‘The Elvis Conspiracy’ Racks Up Top Honors in Mojo International Film Awards

It is with great pleasure that I announce that my thriller screenplay The Elvis Conspiracy has won the Best Screenplay Award in the Mojo International Film Awards. This is the third time the script has won top honors in an international competition in the last four months.

Previously The Elvis Conspiracy won Best Screenplay accolades in the Multi Dimension Independent Film Festival and the Movie Play International Film Festival. In that same time period, the script has also been named a Finalist in England’s Bright International Film Festival and an Official Selection of Mexico’s Oaxaca Film Festival.

The Elvis Conspiracy is very unique in that it is an “alternate history” script. In other words, it is a “what if” story.

Alternate history is a film genre that Quintin Tarantino has had success with in films like Inglorious Bastards and Once Upon a Time in Hollywood. It has also recently been used successfully in the Daniel Radcliff comedy Weird: The Al Yankovic Story in which the biography music parody icon is itself complete fiction. Basically, the genre involves taking real historical people and events and using them fictitiously.


I first became exposed to the concept of alternate history with the film Fatherland, which painted a hypothetical world in which Hitler had won World War II. The film starred Rutger Hauer and was based on a 1992 novel by Robert Harris. I fell in love with the concept of the genre.

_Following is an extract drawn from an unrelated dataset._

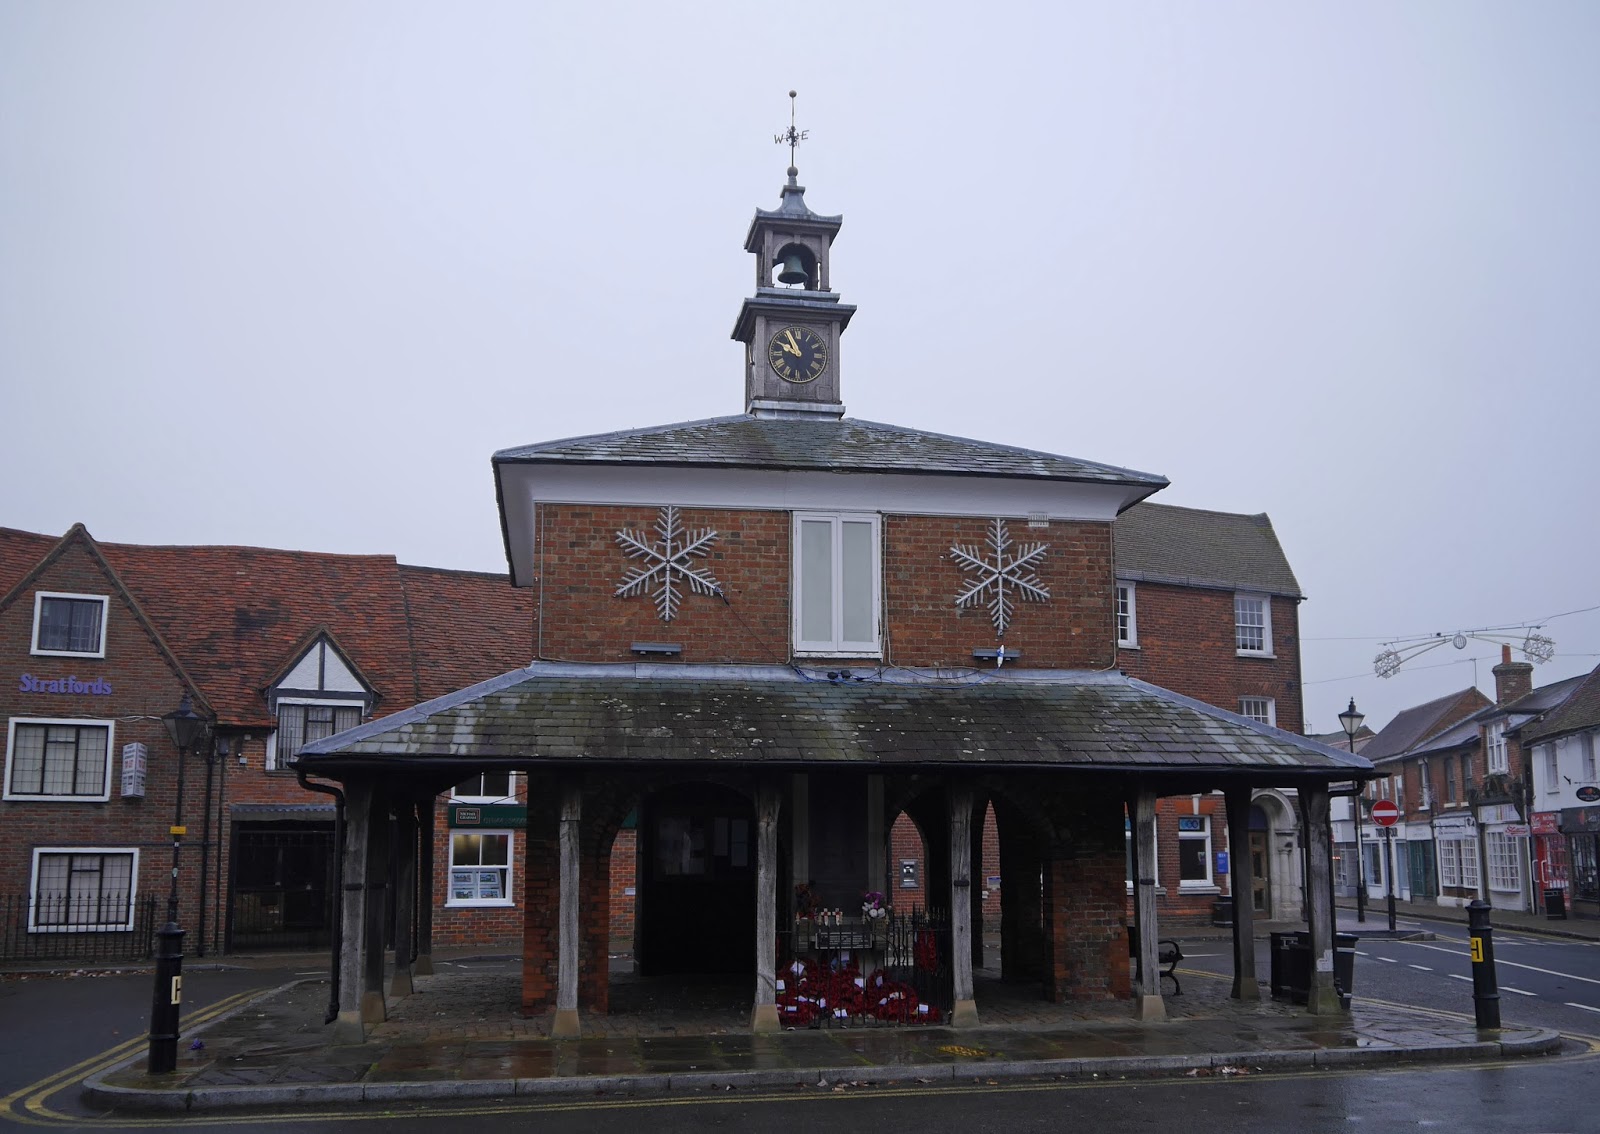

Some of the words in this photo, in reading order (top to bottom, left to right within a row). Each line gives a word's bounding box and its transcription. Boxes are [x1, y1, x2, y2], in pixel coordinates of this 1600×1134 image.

As tends to happen with any guy who can growl while he sings and swing his hips a bit, I was being compared to Elvis Presley by some member of the press in the late 1990’s. I was even attached to play Elvis-inspired crooner Conrad Birdie in a planned 2004 Broadway revival of Bye Bye Birdie. But my big film break had thus far alluded me.

I had always been impressed with how Sylvester Stallone had written his own breakthrough role as Rocky Balboa because he wasn’t being offered quality roles. I thought I could do the same thing for myself by writing an alternate history version of the Elvis story.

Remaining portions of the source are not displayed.